(Records contained in a dataset)
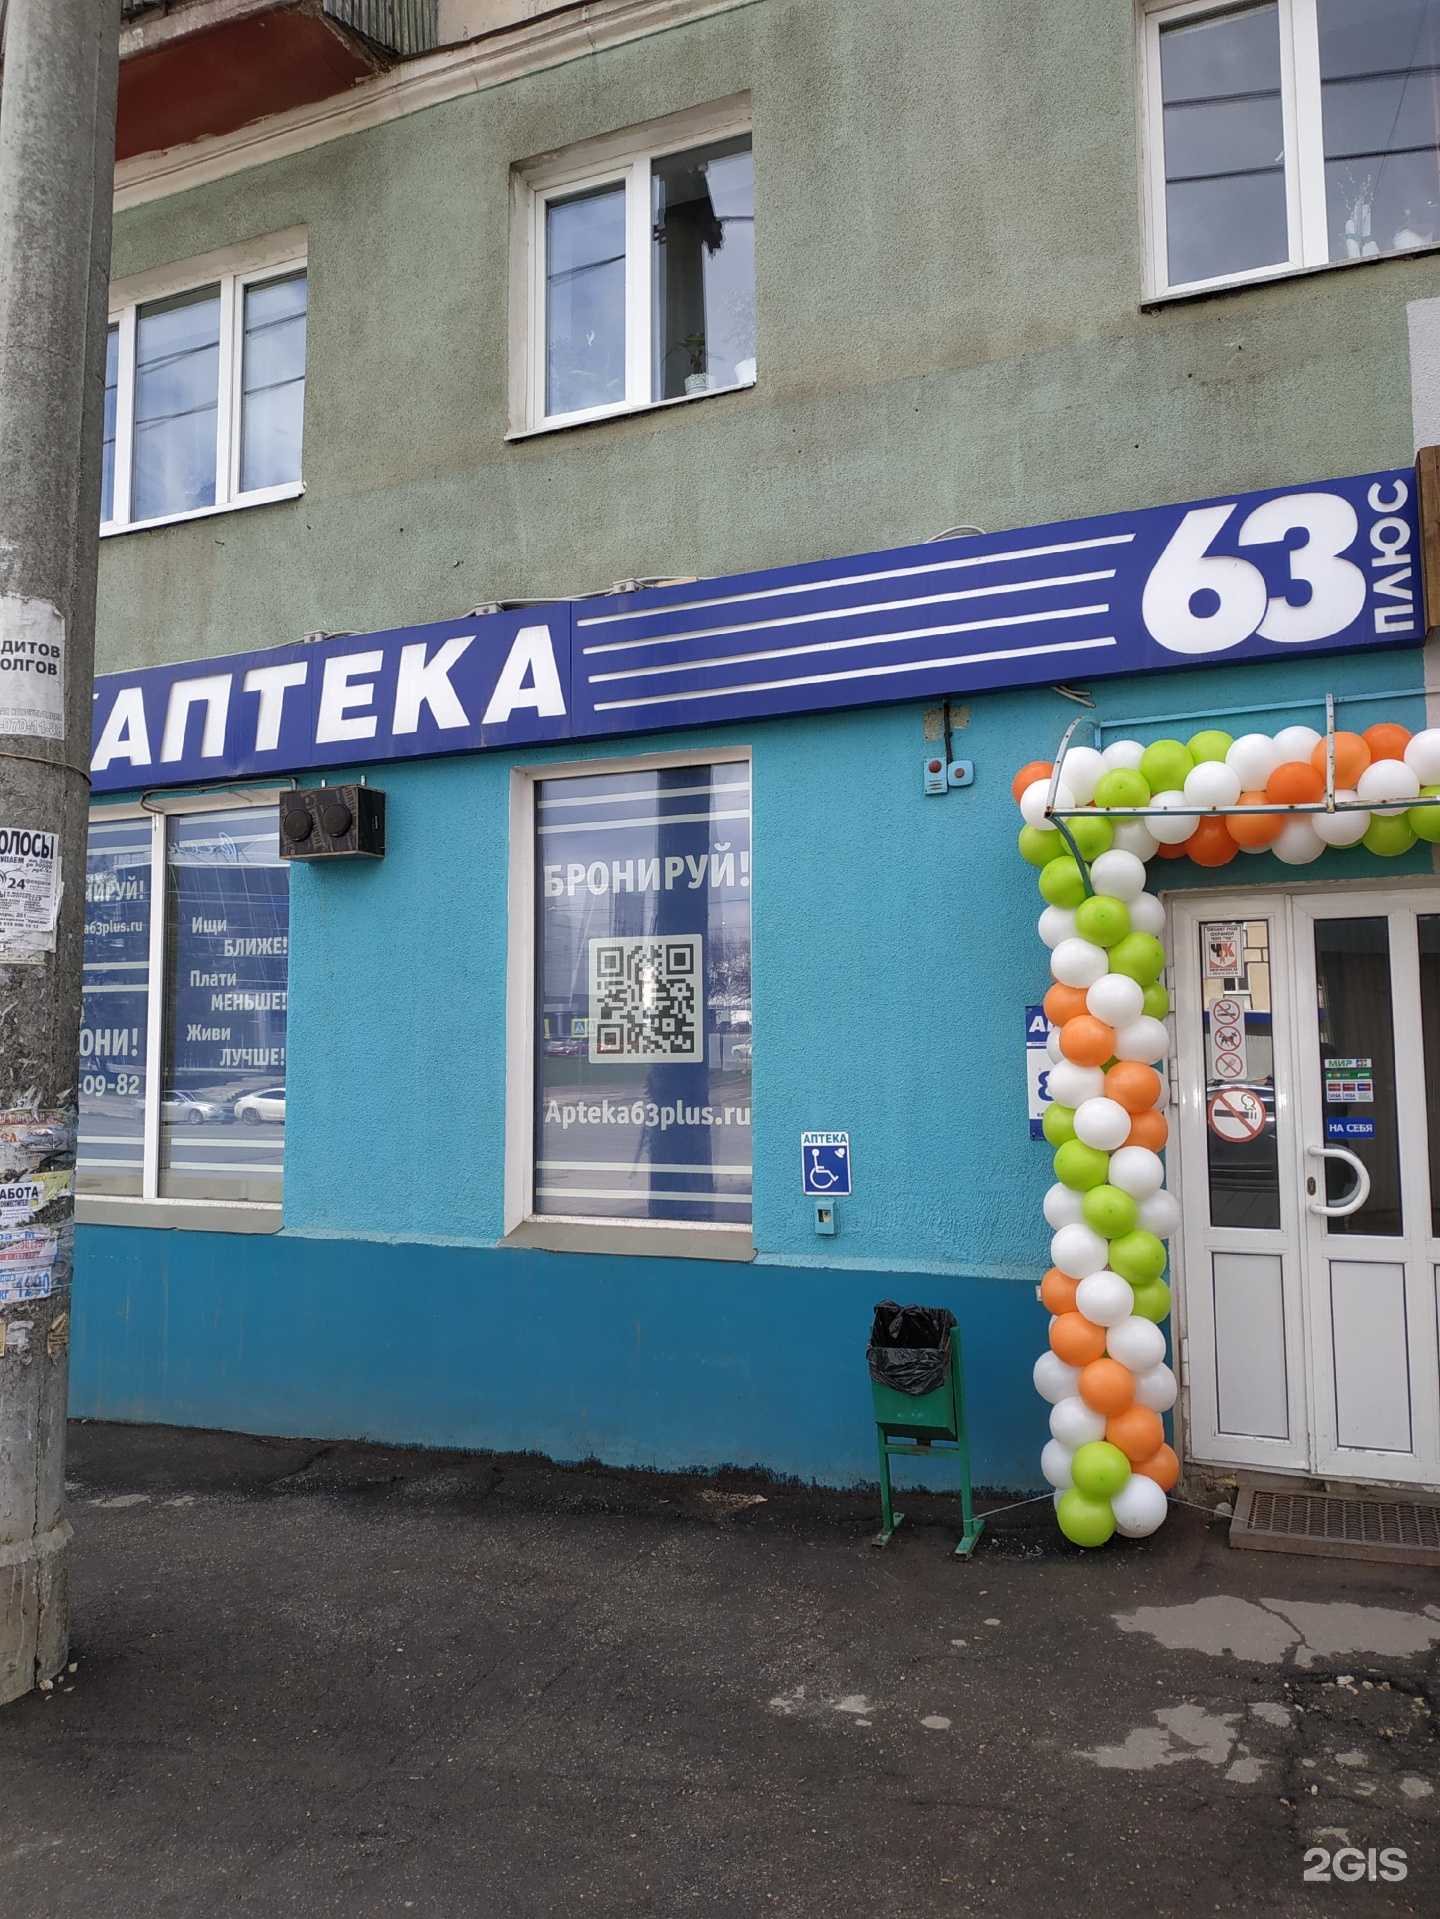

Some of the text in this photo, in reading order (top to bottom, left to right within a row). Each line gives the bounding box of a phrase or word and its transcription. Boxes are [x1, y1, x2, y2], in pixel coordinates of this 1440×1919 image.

[1368, 479, 1414, 634] ПЛЮС
[1142, 492, 1366, 654] 63
[1, 640, 60, 658] ДИТОВ
[0, 658, 57, 675] ОЛГОВ
[91, 624, 566, 771] АПТЕКА
[0, 830, 54, 859] ОЛОСЫ
[544, 842, 749, 897] БРОНИРУЙ!
[192, 917, 227, 934] Ищи
[224, 937, 288, 956] БЛИЖЕ!
[190, 970, 237, 987] Плати
[211, 993, 287, 1011] МЕНЬШЕ!
[186, 1024, 231, 1041] Живи
[219, 1048, 285, 1066] ЛУЧШЕ!
[544, 1100, 751, 1129] Apteka63plus.ru
[1329, 1124, 1373, 1132] НА СЕБЯ
[803, 1134, 848, 1144] АПТЕКА

■ Your instructions ■
Although the records contain pictures, return only their text, exactly as written.

■ Answer ■
Some of the text in this photo, in reading order (top to bottom, left to right within a row). Each line gives the bounding box of a phrase or word and its transcription. Boxes are [x1, y1, x2, y2], in pixel coordinates of this 1440×1919 image.

[1368, 479, 1414, 634] ПЛЮС
[1142, 492, 1366, 654] 63
[1, 640, 60, 658] ДИТОВ
[0, 658, 57, 675] ОЛГОВ
[91, 624, 566, 771] АПТЕКА
[0, 830, 54, 859] ОЛОСЫ
[544, 842, 749, 897] БРОНИРУЙ!
[192, 917, 227, 934] Ищи
[224, 937, 288, 956] БЛИЖЕ!
[190, 970, 237, 987] Плати
[211, 993, 287, 1011] МЕНЬШЕ!
[186, 1024, 231, 1041] Живи
[219, 1048, 285, 1066] ЛУЧШЕ!
[544, 1100, 751, 1129] Apteka63plus.ru
[1329, 1124, 1373, 1132] НА СЕБЯ
[803, 1134, 848, 1144] АПТЕКА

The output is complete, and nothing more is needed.